355 500 произведений, 25 200 авторов.

Электронная библиотека книг » Виктор Андреев » Незваный гость. Поединок » Текст книги (страница 7)
Незваный гость. Поединок
  • Текст добавлен: 9 октября 2016, 19:46

Текст книги "Незваный гость. Поединок"


Автор книги: Виктор Андреев



сообщить о нарушении

Текущая страница: 7 (всего у книги 16 страниц)

Тайник или...

Мамбетов сделал порядочный крюк, чтобы сбить Санкевича с толку. Он поднялся на вершину Жаксы-Тау с противоположной стороны, не видной Санкевичу с дороги. Зачем ему выдавать свою заинтересованность всем, что он услышал от Санкевича, а особенно записками? Кто знает, во что это выльется! Сколько приходится перебирать разных обстоятельств, совпадений, версий, пока остановишься на чем-либо одном. И это одно часто бывает вовсе не тем, чем кажется.

Мамбетов уже подходил к пирамиде. Своего иноходца он оставил в расщелинке, чтоб тот не маячил вверху. Какой простор открывался с вершины Жаксы-Тау! Посмотри же, Мамбетов, как прекрасна твоя степь! Во-он видишь, кто-то оставил серебряную тарелку между марами – это ведь озеро. А на берегу стоит твой поселок, затянувшийся сейчас кизяковым дымком. Хорошо!.. Ой, Мамбетов, нашел время восторгаться. Займись-ка лучше делом. Смотри, возле центра пирамиды лежит та самая банка, из которой Малинина извлекла записку... И Мамбетов, вздохнув, внял второму голосу и поднял с земли банку. Это была банка из-под шпротов, не так уж давно открытая, с сохранившейся этикеткой. Откуда она?.. Кому нужно было нести на вершину эту записку в два слова?..

Он нашел место у центра, где была зарыта банка, – земля здесь легко поддавалась, ее можно было выгребать ладонью. Обычно в таком месте и оставляли записки геодезисты. Но на тех пунктах, на которых шла работа. А Жаксы-Тау никому не нужна.

Мамбетов опустился на бровку канавки, треугольником охватывающей пирамиду, достал и развернул переданные ему Санкевичем записки. «Жаксы-Тау»... Хорошее название... Горы или пункта? Поставлены кавычки – значит, пункта. Так написать мог только геодезист или геолог. Ладно, геодезист не был. А геолог мог забрести – гора с геологической точки зрения интересна: здесь такие четкие обнажения, складки... Поднялся, закусил шпротами и оставил записку по привычке. А вот Мамбетов теперь ломай голову. Ой, аллах! Если бы Лысов узнал, вот расписал бы!.. А что если, в самом деле, записка имеет отношение к «Незваному гостю»?

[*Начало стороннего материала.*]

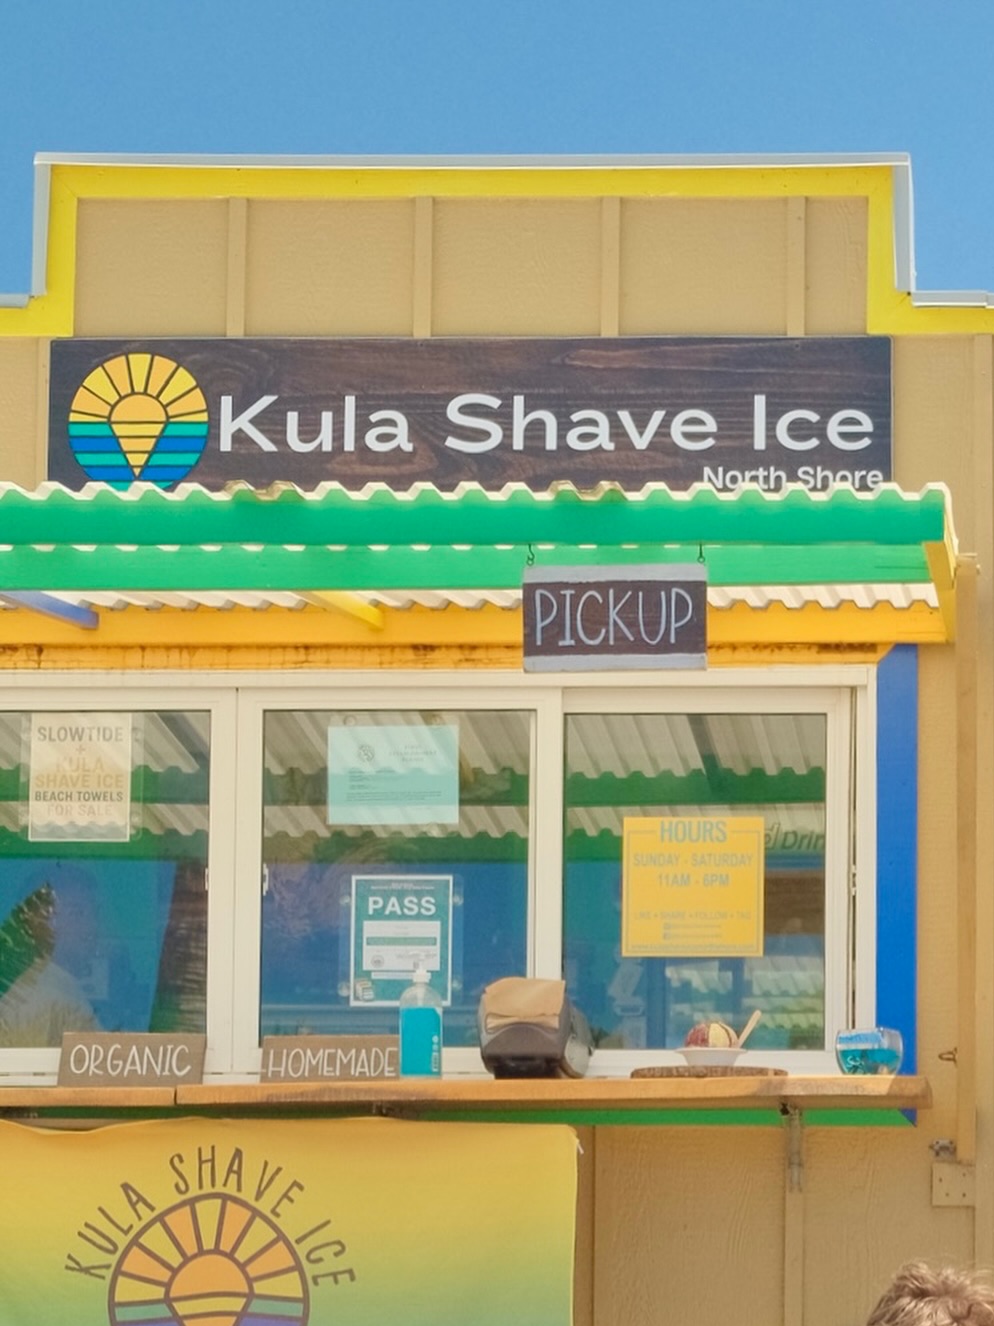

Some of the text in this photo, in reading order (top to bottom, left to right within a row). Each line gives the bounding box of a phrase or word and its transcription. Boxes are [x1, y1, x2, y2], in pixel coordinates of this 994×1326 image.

[219, 391, 875, 453] Kula Shave Ice
[702, 466, 884, 490] North Shore
[535, 587, 693, 647] PICKUP
[37, 726, 124, 743] SLOWTIDE
[56, 756, 104, 773] KULA
[35, 773, 124, 789] SHAVE ICE
[35, 791, 124, 802] BEACH TOWELS
[47, 803, 113, 817] FOR SALE
[660, 820, 728, 844] HOURS
[633, 852, 680, 867] SUNDAY
[690, 852, 754, 867] SATURDAY
[658, 873, 691, 887] 11AM
[702, 873, 730, 887] 6PM
[367, 896, 437, 916] PASS
[70, 1043, 192, 1078] ORGANIC
[267, 1046, 398, 1079] HOMEMADE
[64, 1144, 357, 1288] KULA SHAVE ICE

Ну вот, Мамбетов, и у тебя пошла голова кругом. А давно ли ты критиковал Лысова за подозрительность? Червь сомнения коснулся и твоей души. Вот ты и сидишь под пирамидой, надвинув на глаза свои смоляные брови. На твоем лице обозначились мучительные складки. Ты жадно сосешь папиросу. И все глядишь на листки. А они ничего не говорят тебе... Только одно слово: «Жаксы-Тау»...

Мамбетов поднялся, взял с собой банку и, уже не глядя вниз на далеко открывавшуюся степь, направился к иноходцу.

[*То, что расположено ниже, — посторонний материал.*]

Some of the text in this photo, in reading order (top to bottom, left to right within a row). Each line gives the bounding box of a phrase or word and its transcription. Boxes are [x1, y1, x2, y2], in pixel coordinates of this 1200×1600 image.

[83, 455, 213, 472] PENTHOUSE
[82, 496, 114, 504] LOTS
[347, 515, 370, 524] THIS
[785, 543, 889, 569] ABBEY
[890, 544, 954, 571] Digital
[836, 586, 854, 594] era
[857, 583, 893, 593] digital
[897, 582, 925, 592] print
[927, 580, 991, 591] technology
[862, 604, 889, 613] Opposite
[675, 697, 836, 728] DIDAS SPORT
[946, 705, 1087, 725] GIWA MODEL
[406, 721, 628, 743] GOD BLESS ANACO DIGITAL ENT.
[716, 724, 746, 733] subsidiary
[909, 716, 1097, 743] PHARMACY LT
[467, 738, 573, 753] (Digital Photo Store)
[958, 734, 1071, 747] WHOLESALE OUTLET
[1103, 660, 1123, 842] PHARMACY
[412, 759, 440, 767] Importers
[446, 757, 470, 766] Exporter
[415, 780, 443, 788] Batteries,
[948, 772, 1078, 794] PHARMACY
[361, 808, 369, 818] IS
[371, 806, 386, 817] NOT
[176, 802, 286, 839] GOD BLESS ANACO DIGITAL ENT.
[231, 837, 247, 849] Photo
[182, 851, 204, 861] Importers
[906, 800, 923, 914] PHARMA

Вскоре он был на дороге. Но не продолжал прерванный встречей с Санкевичем путь, а повернул лошадь обратно, в поселок.

Несколько дней ушло на то, чтобы проверить возникшие на первых порах подозрения, но все его усилия не привели ни к чему.

Шпроты в магазинах, к огорчению Мамбетова, не переводились, и Алима принесла ему точно такие же банки.

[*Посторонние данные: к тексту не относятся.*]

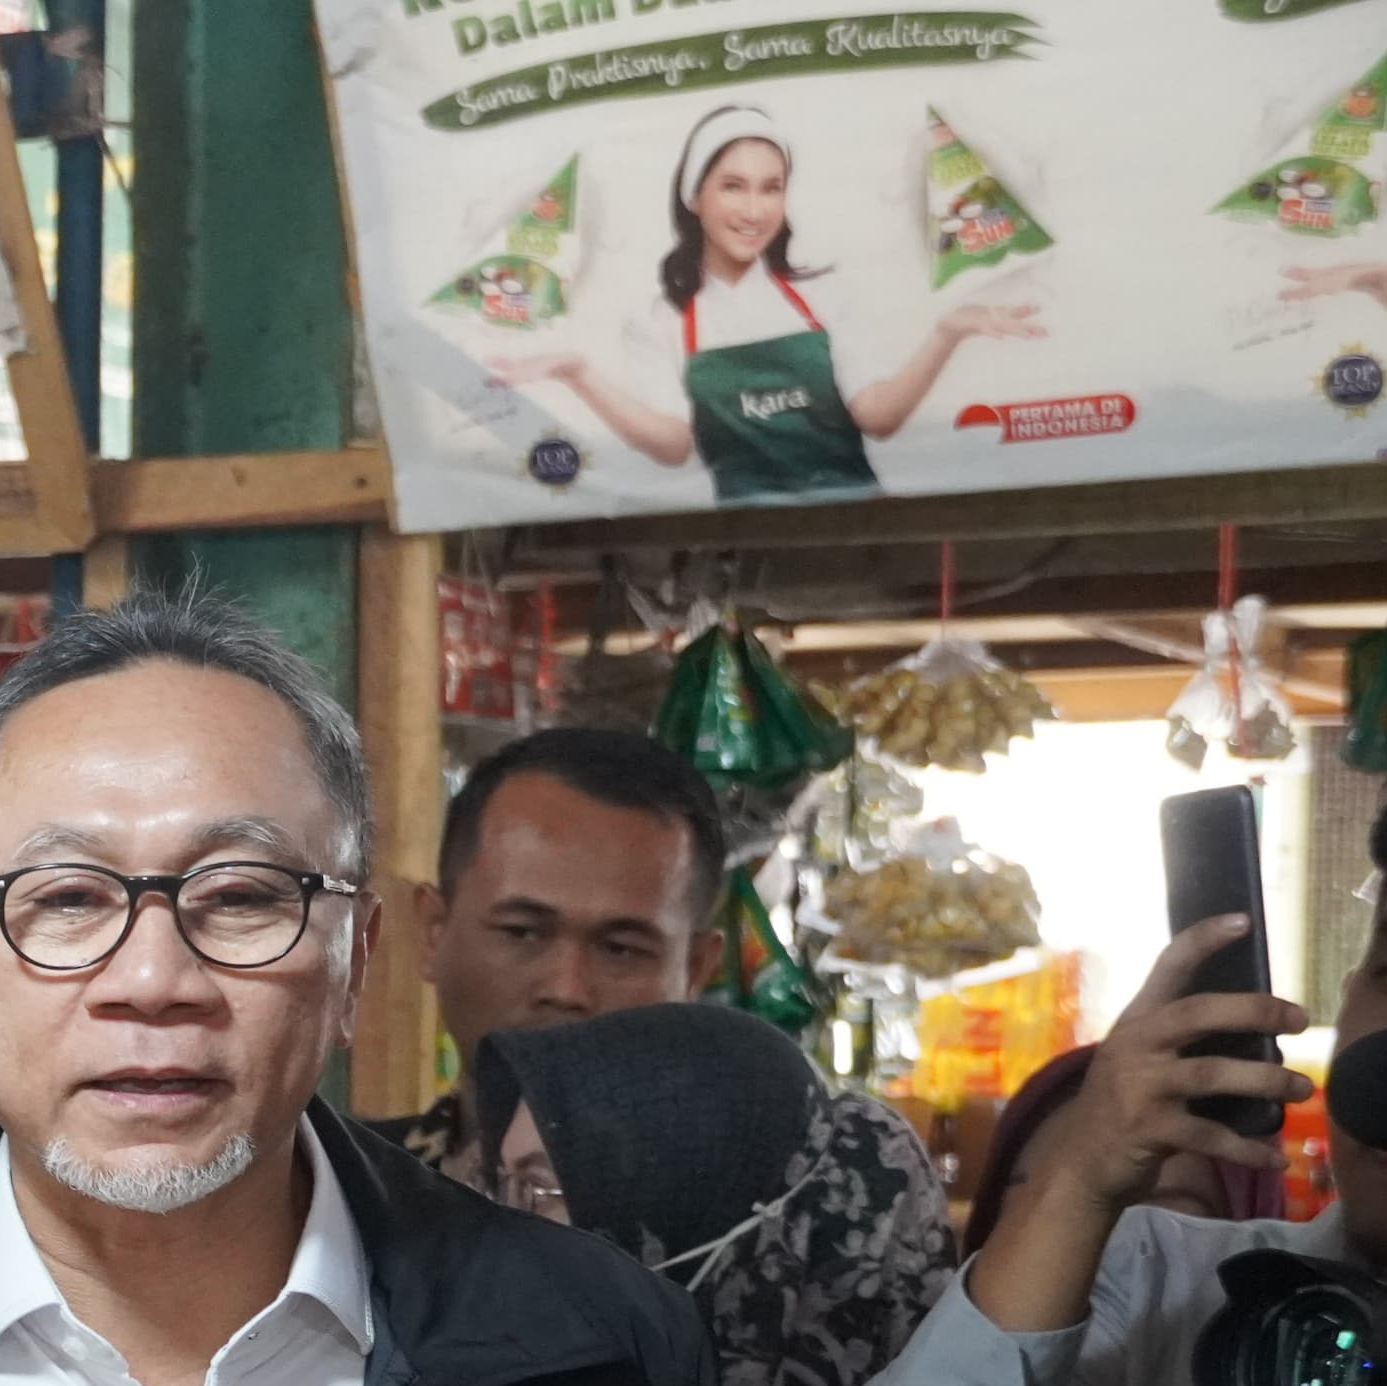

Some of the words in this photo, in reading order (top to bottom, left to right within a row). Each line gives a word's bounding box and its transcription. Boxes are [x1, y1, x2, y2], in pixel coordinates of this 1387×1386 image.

[451, 0, 617, 57] Dalam
[455, 81, 534, 126] Sama
[547, 46, 707, 100] Praktisnya,
[723, 30, 813, 71] Sama
[826, 14, 1014, 60] Kualitasnya
[1008, 400, 1096, 422] PERTAMA
[1100, 397, 1122, 415] DI
[1010, 416, 1125, 440] INDONESIA

– Ешь, милый мой. Может, тебе еще какие-нибудь консервы принести? Хочешь – сардины...

Он и сам обошел магазины, спрашивал у продавцов, хорошо ли идут шпроты, кто покупает их. Люди в ответ улыбались. Конечно, многие берут. Разве запомнишь? Не такой уж приметный товар, эти шпроты. Вот если бы Мамбетов спросил, кто покупал мотоциклы! А шпроты... Делать тебе нечего, товарищ Мамбетов, вот и ходишь по магазинам. А впрочем, кто знает, что у тебя на уме. Говоришь про шпроты, а сам думаешь о другом.

Как-то весь вечер Мамбетов просидел над бумагами экспедиции, перелистывал отчеты, объяснительные записки, табеля, но ни в одном документе не усмотрел почерка, похожего на тот, каким написано это мучающее его слово: «Жаксы-Тау». Бухгалтер, пришедшая утром за документами, взглянула на Мамбетова с обидой и недоумением. «Скажи мне, что тебе нужно, я помогу...» – прочел Мамбетов в ее глазах. «Нет, моя милая, не могу... Скажу – ведь и ты потеряешь покой», – ответил он взглядом.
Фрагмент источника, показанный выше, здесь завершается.